Shu, Guangzhao; He, Yang; Suo, Jin; Wu, Chunhui; Gong, Xudong; Xiang, Yangyang; Yang, Wenjiao; Cheng, Jiaxin; Wang, Yu; Chen, Weiming; Shen, Jingshan.
Affiliation
  • Shu G; College of Pharmacy, Gannan Medical University, Ganzhou 341000, China.
  • He Y; State Key Laboratory of Drug Research, Shanghai Institute of Materia Medica, Chinese Academy of Sciences, Shanghai 201203, China.
  • Suo J; State Key Laboratory of Drug Research, Shanghai Institute of Materia Medica, Chinese Academy of Sciences, Shanghai 201203, China.
  • Wu C; Vigonvita Life Sciences Co., Ltd., Shanghai 201210, China.
  • Gong X; Vigonvita Life Sciences Co., Ltd., Shanghai 201210, China.
  • Xiang Y; Vigonvita Life Sciences Co., Ltd., Suzhou 215123, China.
  • Yang W; State Key Laboratory Basis of Xinjiang Indigenous Medicinal Plants Resource Utilization, And Key Laboratory of Plant Resources and Chemistry of Arid Zone, Xinjiang Technical Institute of Physics and Chemistry, Chinese Academy of Sciences, Urumqi 830011, China.
  • Cheng J; State Key Laboratory of Drug Research, Shanghai Institute of Materia Medica, Chinese Academy of Sciences, Shanghai 201203, China.
  • Wang Y; State Key Laboratory of Drug Research, Shanghai Institute of Materia Medica, Chinese Academy of Sciences, Shanghai 201203, China.

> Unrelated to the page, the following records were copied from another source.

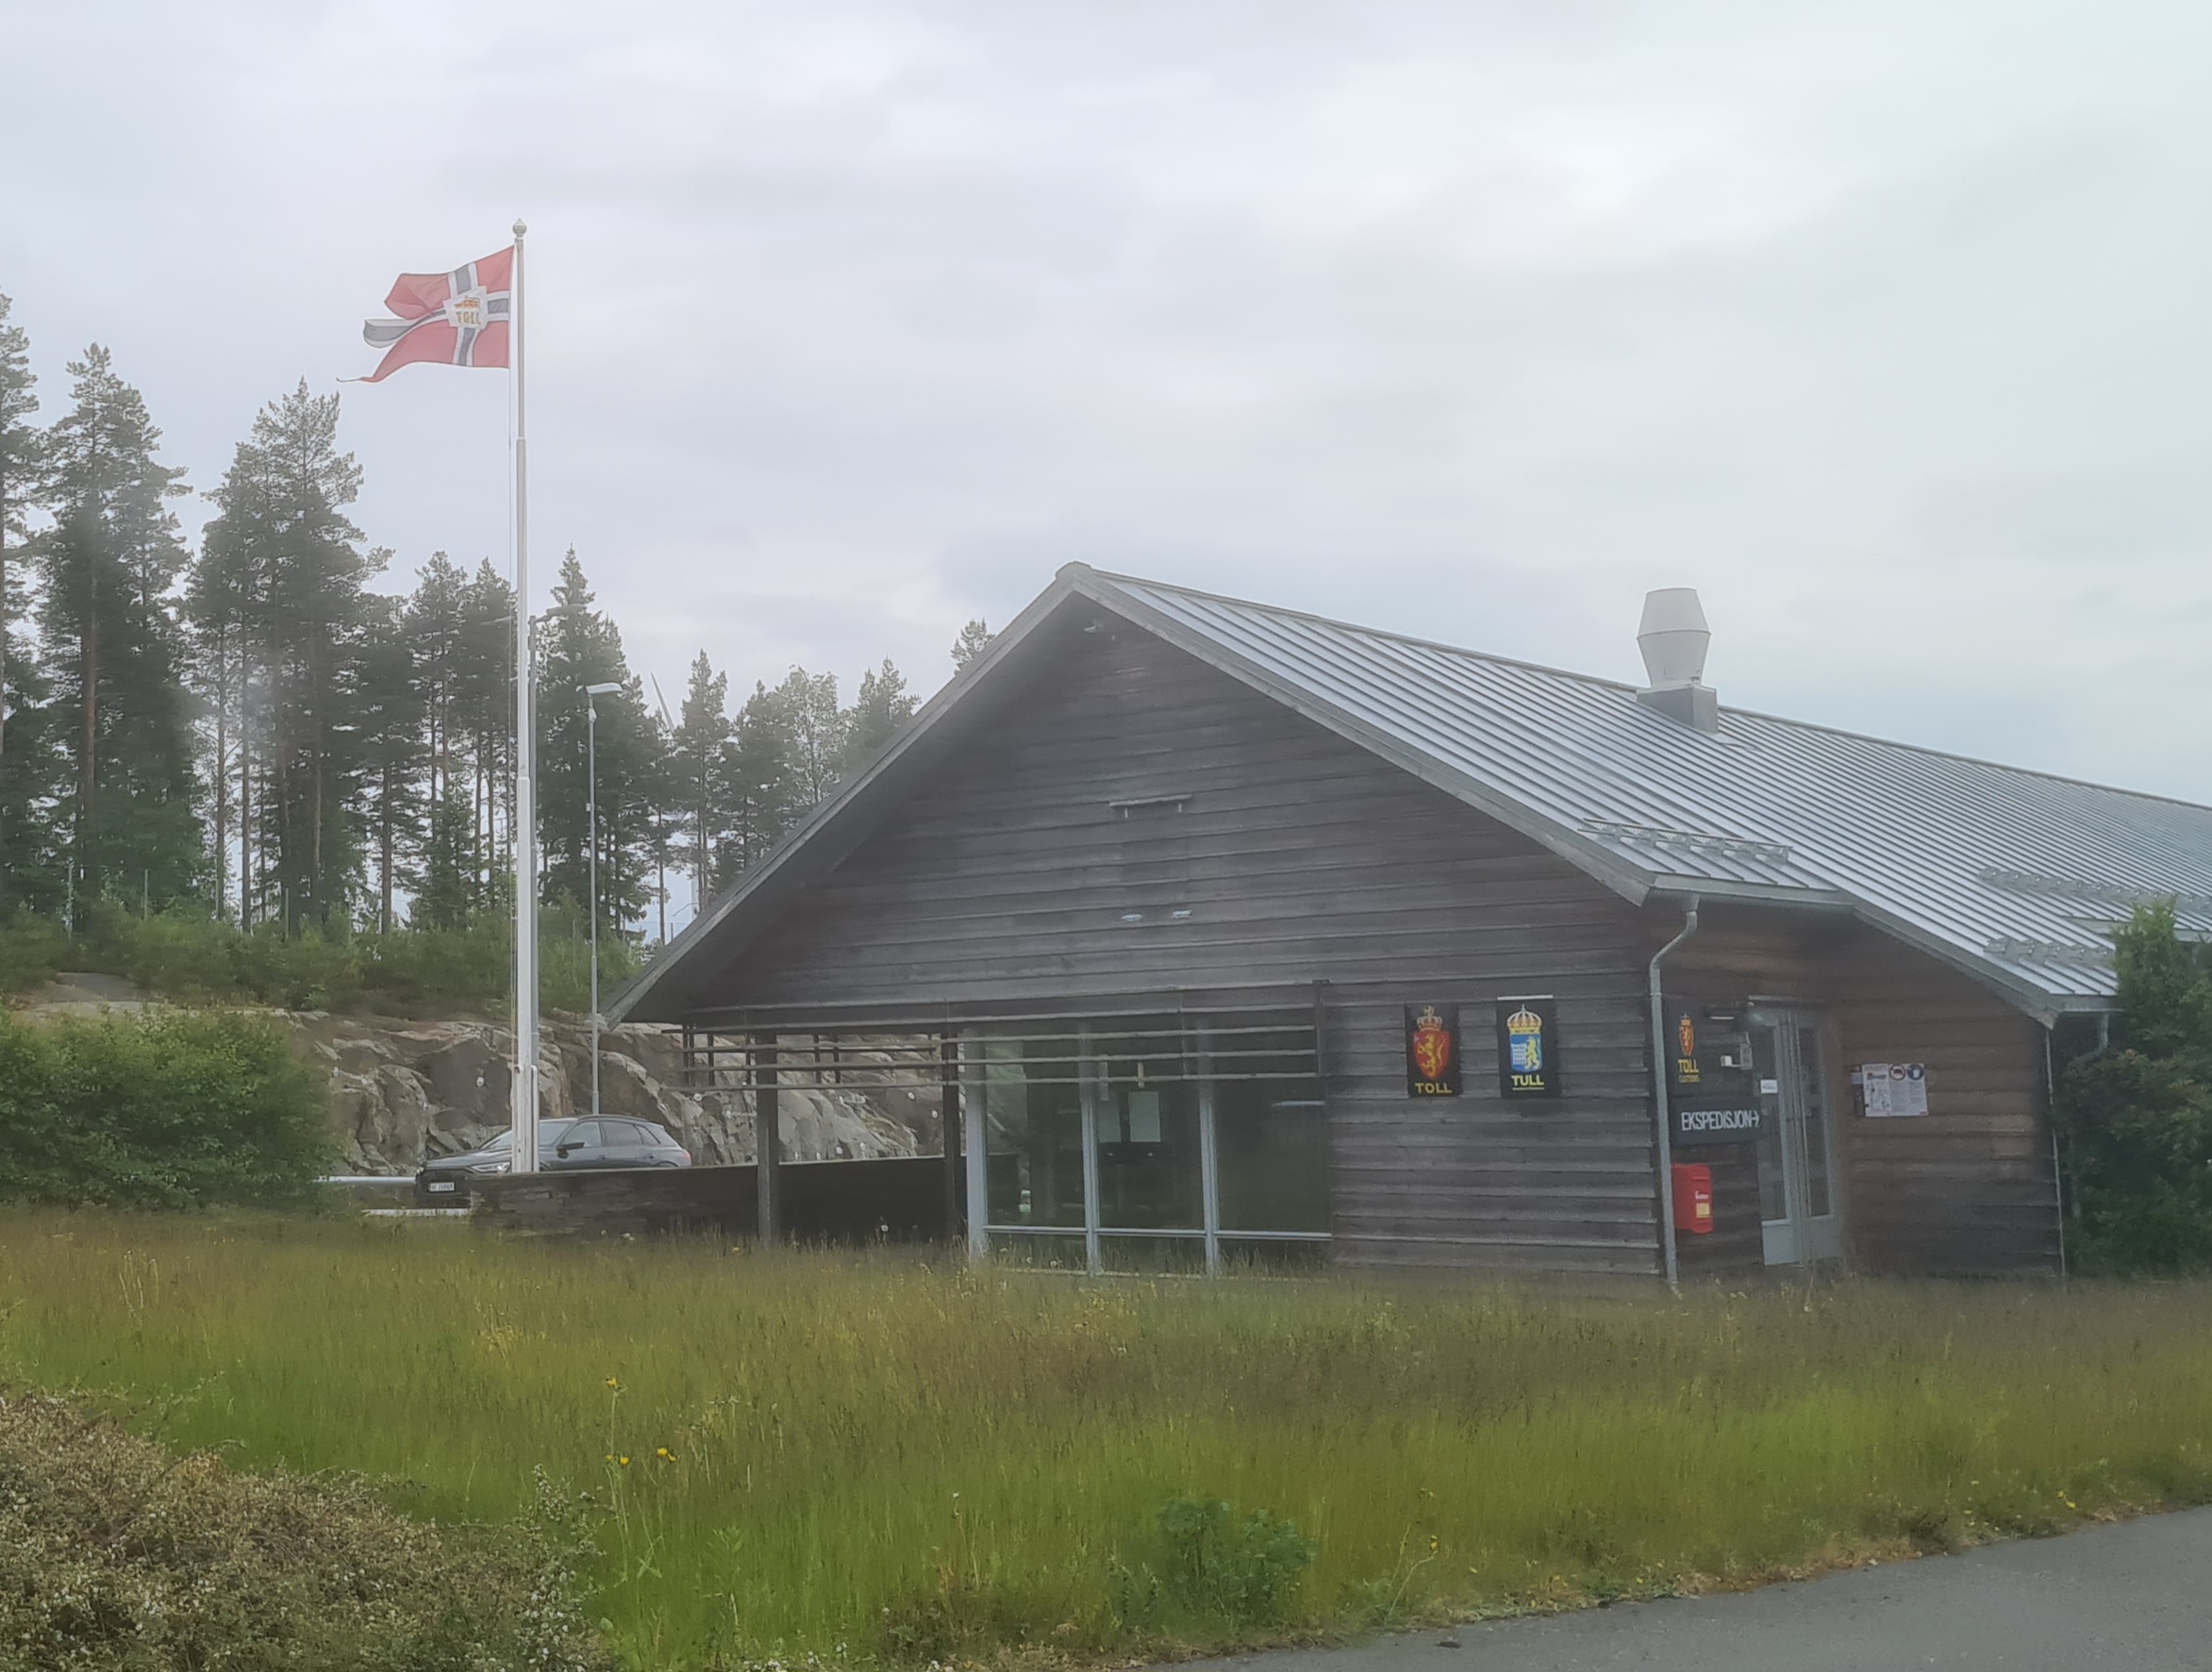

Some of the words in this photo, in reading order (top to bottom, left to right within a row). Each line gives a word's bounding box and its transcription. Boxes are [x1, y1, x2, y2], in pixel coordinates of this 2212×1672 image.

[456, 311, 481, 324] TOLL
[1677, 1059, 1700, 1073] TOLL
[1511, 1075, 1544, 1086] TULL
[1415, 1083, 1453, 1094] TOLL
[1681, 1110, 1752, 1131] EKSPEDISJON
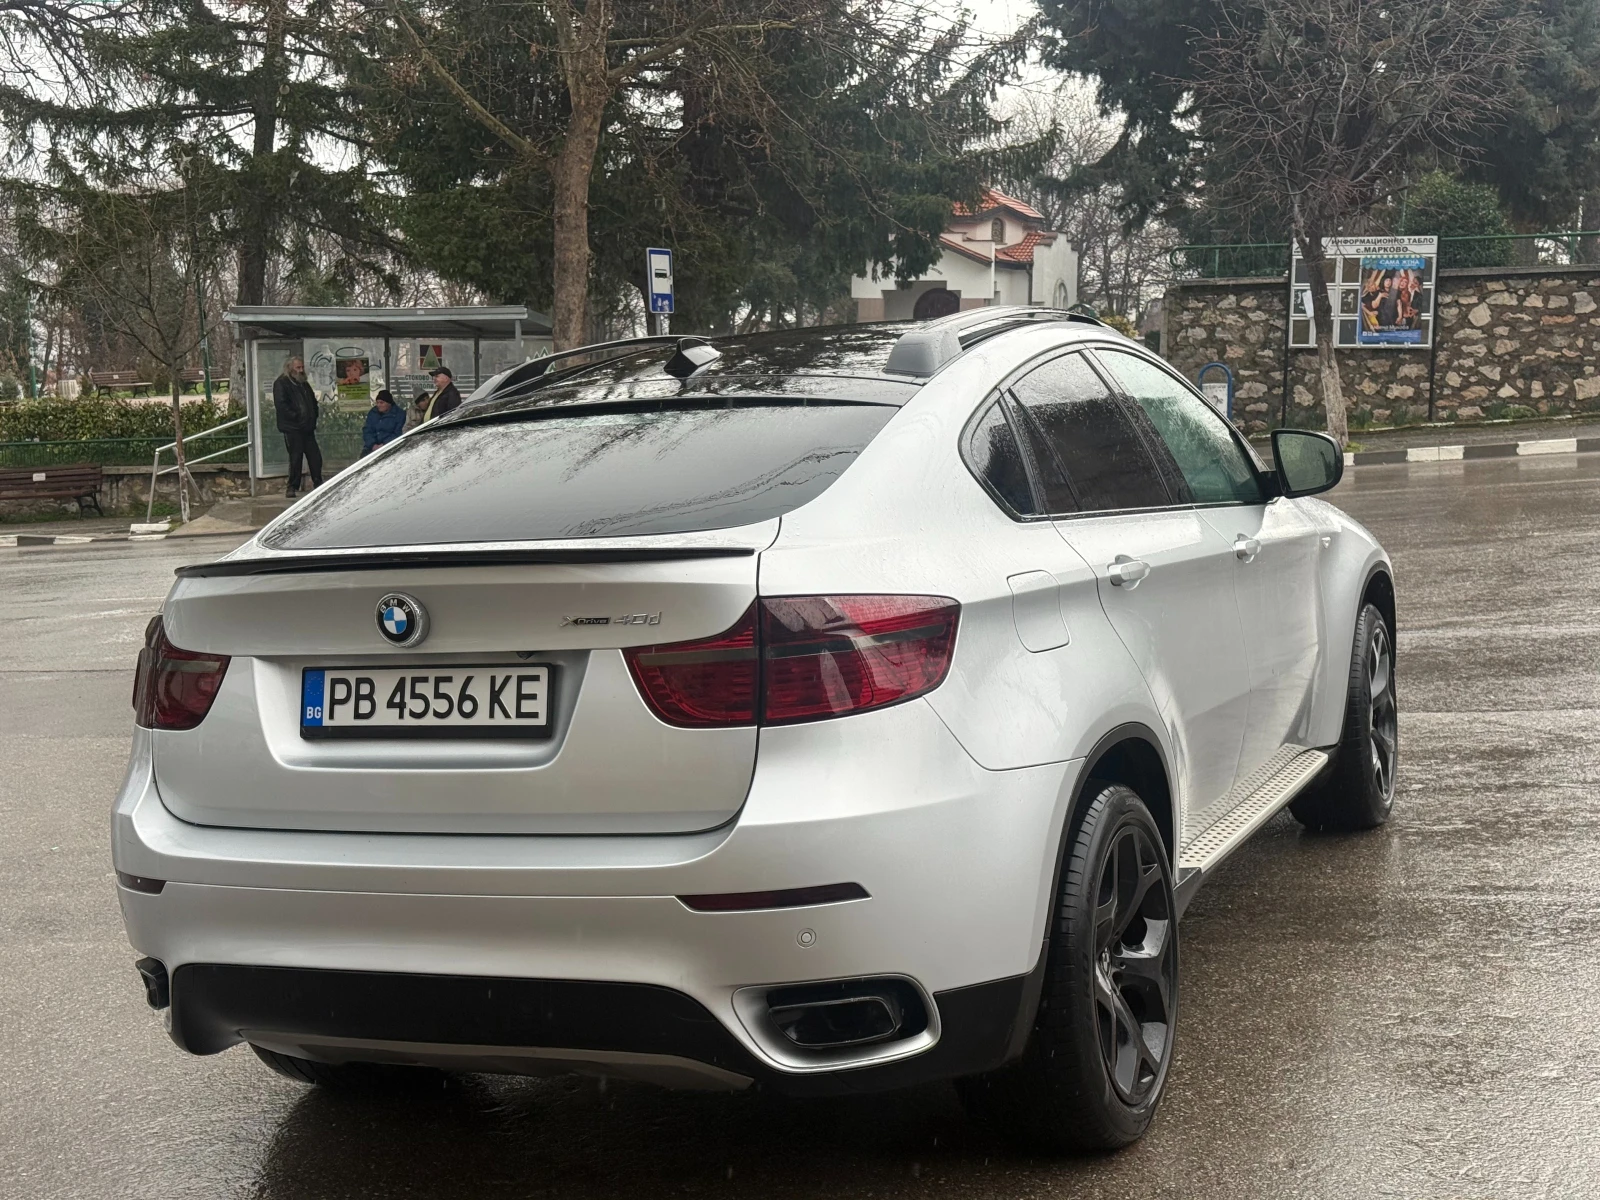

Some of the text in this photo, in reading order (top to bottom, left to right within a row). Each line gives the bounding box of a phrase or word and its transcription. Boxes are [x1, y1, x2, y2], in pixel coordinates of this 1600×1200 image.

[1331, 237, 1405, 245] ИНФОРМАЦИОННО
[380, 598, 411, 613] BMW
[613, 611, 662, 626] 40d
[328, 675, 541, 720] PB 4556 KE
[306, 706, 322, 719] BG
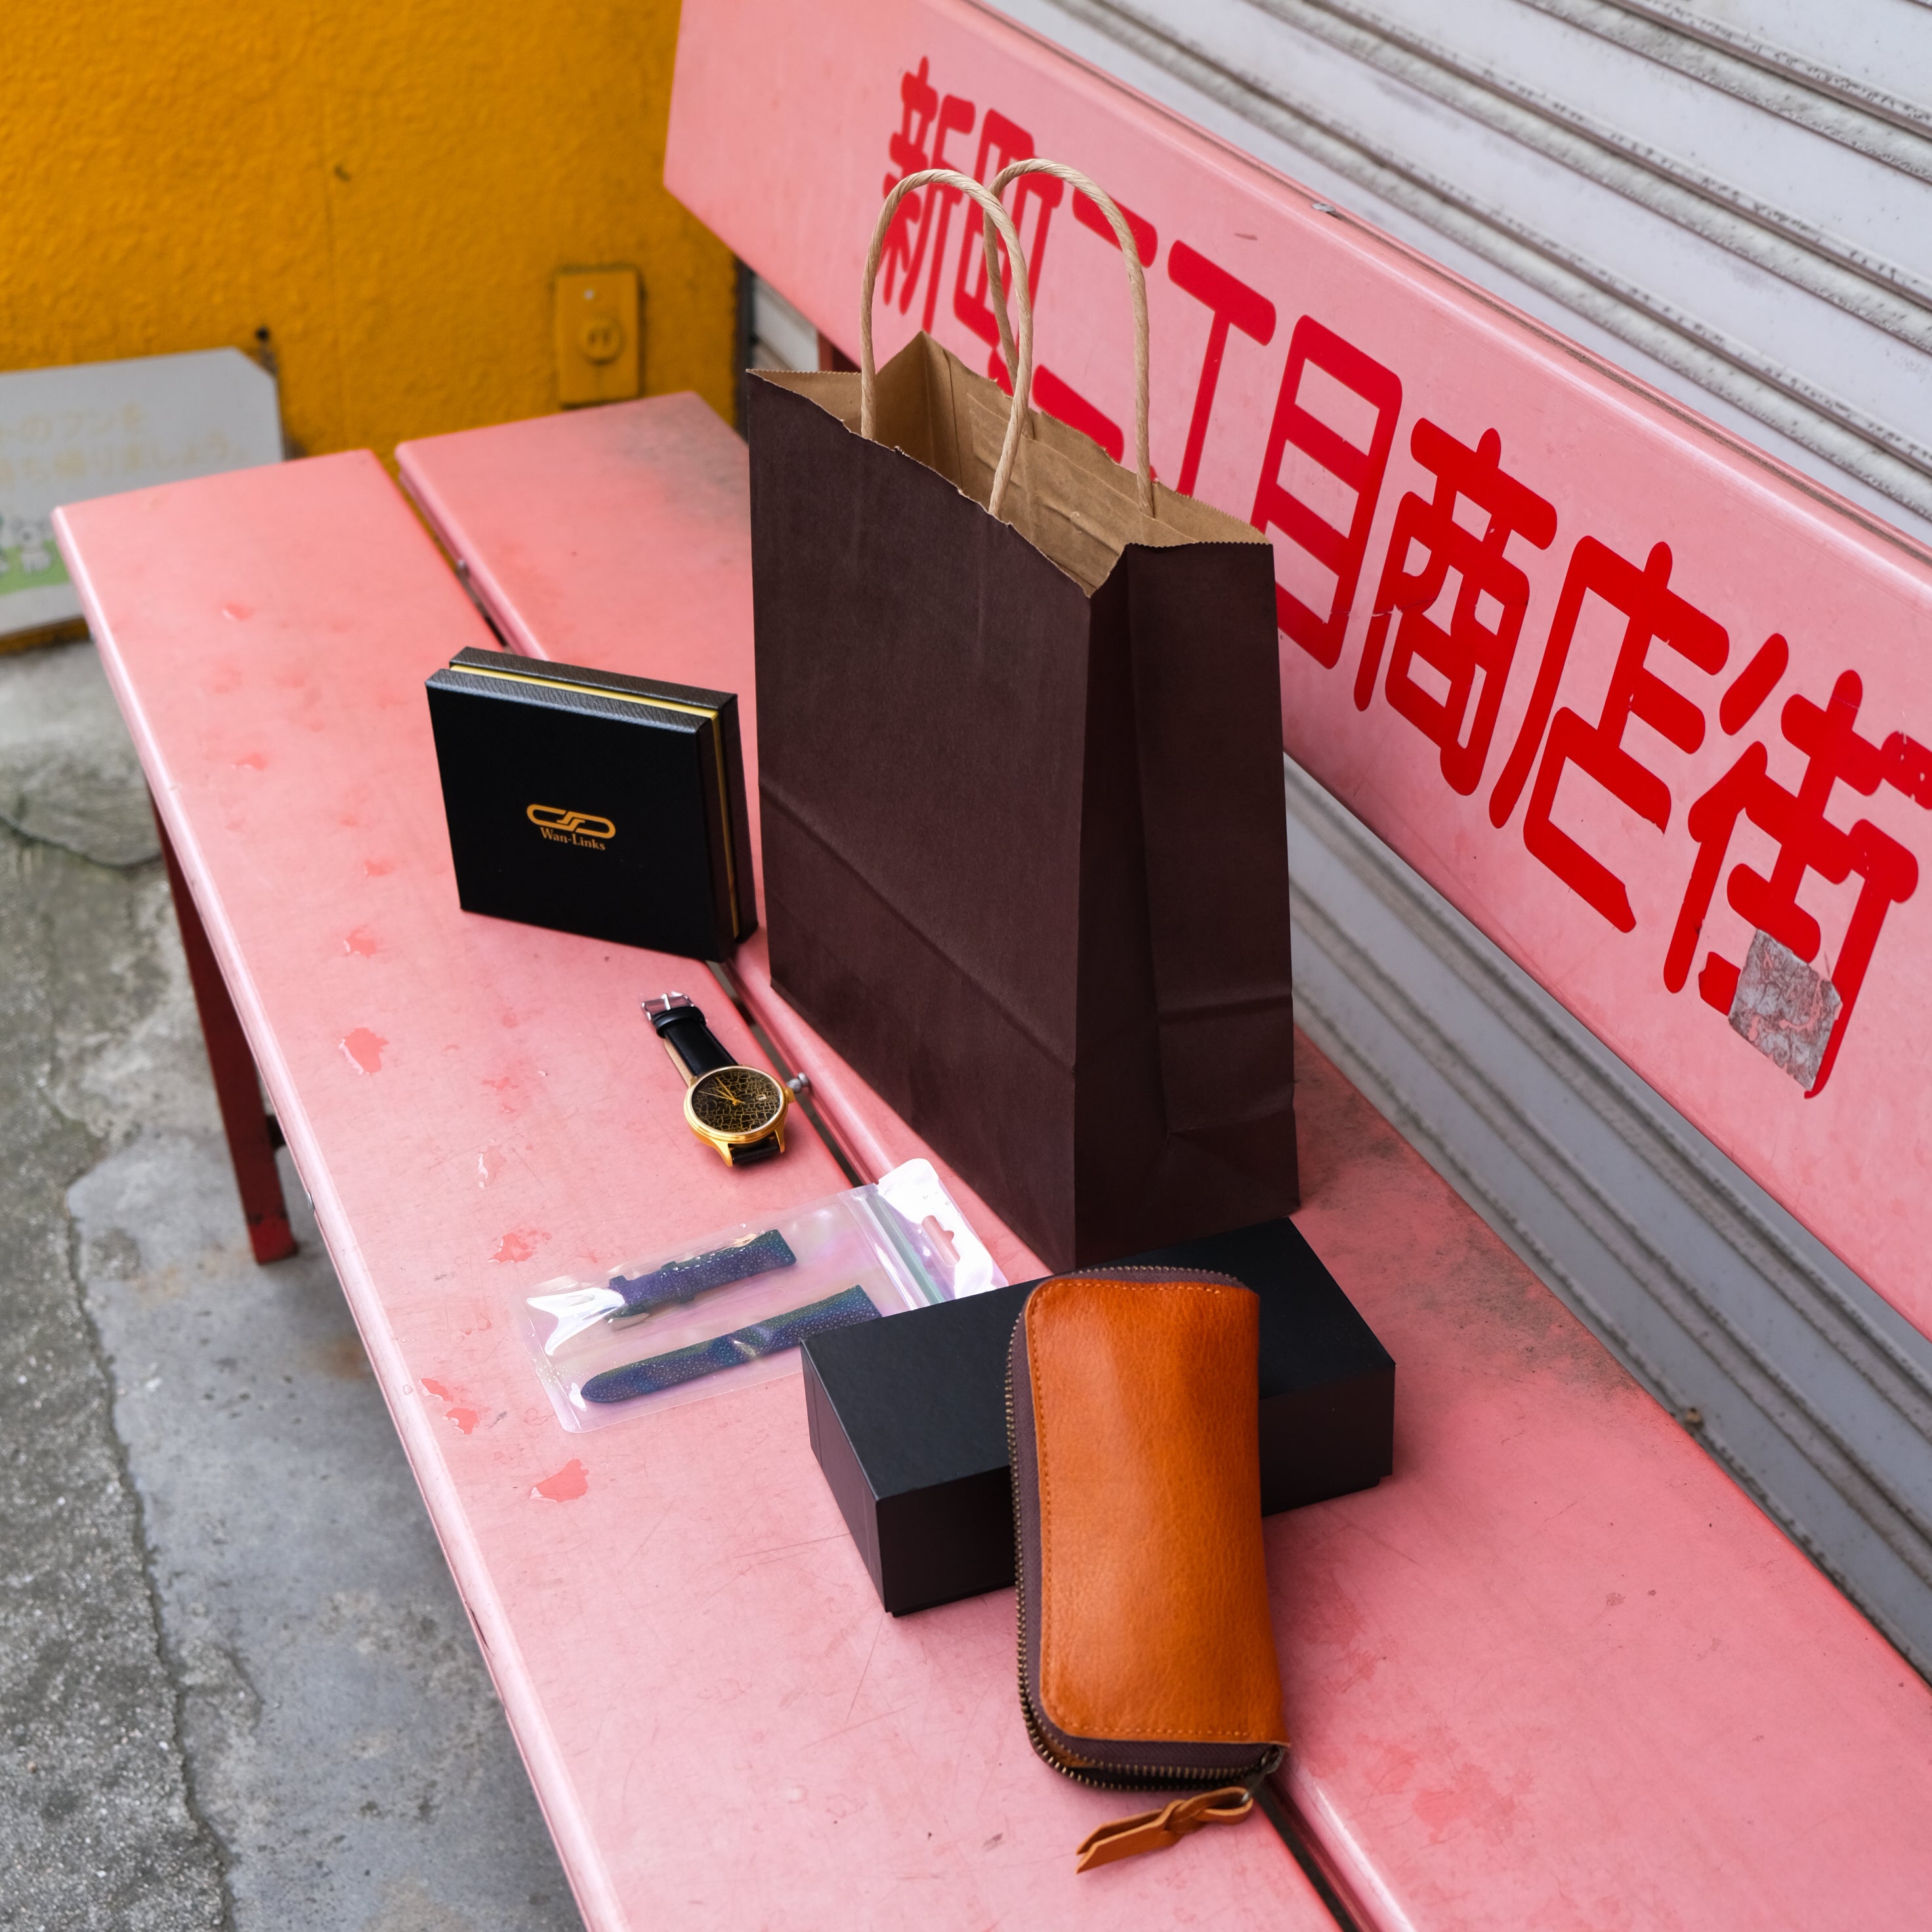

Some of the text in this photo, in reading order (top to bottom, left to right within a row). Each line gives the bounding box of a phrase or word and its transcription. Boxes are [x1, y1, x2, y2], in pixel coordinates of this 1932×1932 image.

Electronic address: wangyu@simm.ac.cn.
  • Chen W; College of Pharmacy, Gannan Medical University, Ganzhou 341000, China. Electronic address: wader_chen@163.com.
  • Shen J; State Key Laboratory of Drug Research, Shanghai Institute of Materia Medica, Chinese Academy of Sciences, Shanghai 201203, China.
Neurosci Lett ; 826: 137723, 2024 Mar 15.
Article in En | MEDLINE | ID: mdl-38467272
ABSTRACT
Cannabidiol (CBD), a non-psychoactive compound derived from the cannabis plant, has been confirmed to induce anxiolytic-like and antipsychotic-like effects. However, the exact mechanisms remain unclear. This study substantiated CBD's interaction with the 5-HT1A receptor (5-HT1AR) in vitro (CHO cells expressing human 5-HT1AR) and in vivo (rat lower lip retraction test, LLR test). We then assessed the impact of CBD in mice using the stress-induced hyperthermia (SIH) model and the phencyclidine (PCP)-induced negative symptoms of schizophrenia model, respectively. Concurrently, we investigated whether WAY-100635, a typical 5-HT1AR antagonist, could attenuate these effects. Furthermore, the neurotransmitter changes through high-performance liquid chromatography coupled with tandem mass spectrometry (LC-MS/MS) were studied. Results revealed that CBD exhibits selective 5-HT1AR agonists-mediated effects in the rat lower lip retraction test, aligning with the robust agonistic (EC50 = 1.75 µM) profile observed in CHO cells. CBD at 3 mg/kg significantly reduced SIH (ΔT), a response that WAY-100635 abolished. Chronic administration of CBD at 100 mg/kg mitigated the increase in PCP-induced immobility time in the forced swim test (FST) and tail suspension test (TST). Moreover, it induced significant alterations in gamma-aminobutyric acid (GABA) and norepinephrine (NE) levels within the hippocampus (HPC). Thus, we concluded that the 5-HT1AR mediates CBD's anxiolytic-like effects. Additionally, CBD's effects on the negative symptoms of schizophrenia may be linked to changes in GABA and NE levels in the hippocampus. These findings offer novel insights for advancing the exploration of CBD's anxiolytic-like and antipsychotic-like effects.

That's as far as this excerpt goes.